Le groupe RDSE s’était déjà opposé à ces orientations. Elles modifient sensiblement l’équilibre actuel de la procédure d’attribution des logements sociaux, qui repose sur une décision collégiale et encadrée de la CALEOL. En donnant au maire un rôle aussi déterminant dans le classement des candidats ou dans leur exclusion, le texte fait courir un risque de favoriser le clientélisme, et peut fragiliser l’objectif de mixité sociale qui doit rester au cœur de la politique du logement social.

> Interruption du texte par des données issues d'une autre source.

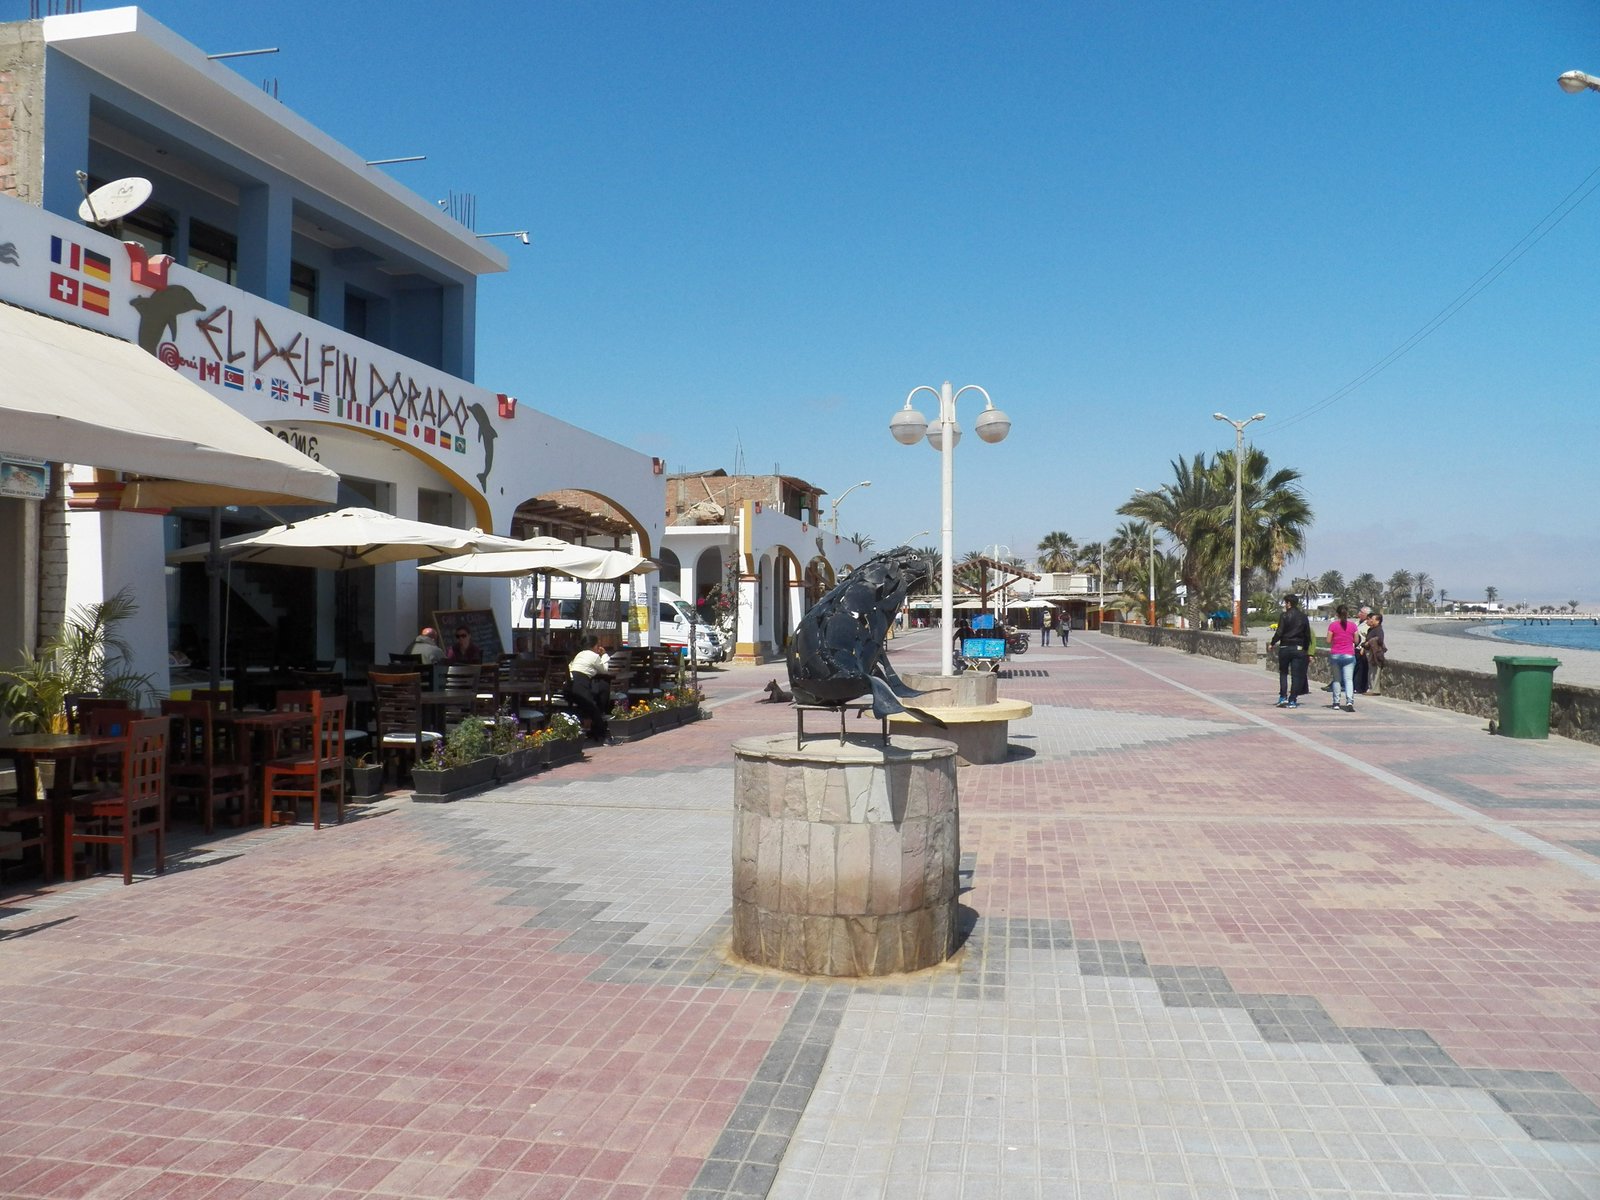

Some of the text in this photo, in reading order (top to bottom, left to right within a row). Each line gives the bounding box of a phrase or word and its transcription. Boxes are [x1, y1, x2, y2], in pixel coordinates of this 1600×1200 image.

[196, 305, 469, 435] EL DELFIN DORADO

De plus, le droit de veto proposé soulève en outre de sérieuses difficultés juridiques. En l’absence d’encadrement, le dispositif apparaît trop imprécis, insuffisamment protecteur au regard des exigences de proportionnalité et ouvrirait la porte, de facto, à l’attribution de logements sociaux selon un critère de « préférence nationale » dans certaines communes
Enfin, la procédure prévue crée une forme de confusion des responsabilités. Le candidat évincé pourrait contester devant le tribunal administratif la décision prise par la CALEOL, alors même que le refus résulterait en réalité du veto exercé par le maire. Cette articulation est source d’insécurité juridique, tant pour les demandeurs que pour les commissions d’attribution et les collectivités concernées.
Pour ces raisons, les sénateurs du groupe RDSE proposent de supprimer ces dispositions. L’attribution des logements sociaux doit rester une procédure transparente, collégiale et fondée sur des critères objectifs, au service de l’accès au logement et de la mixité sociale.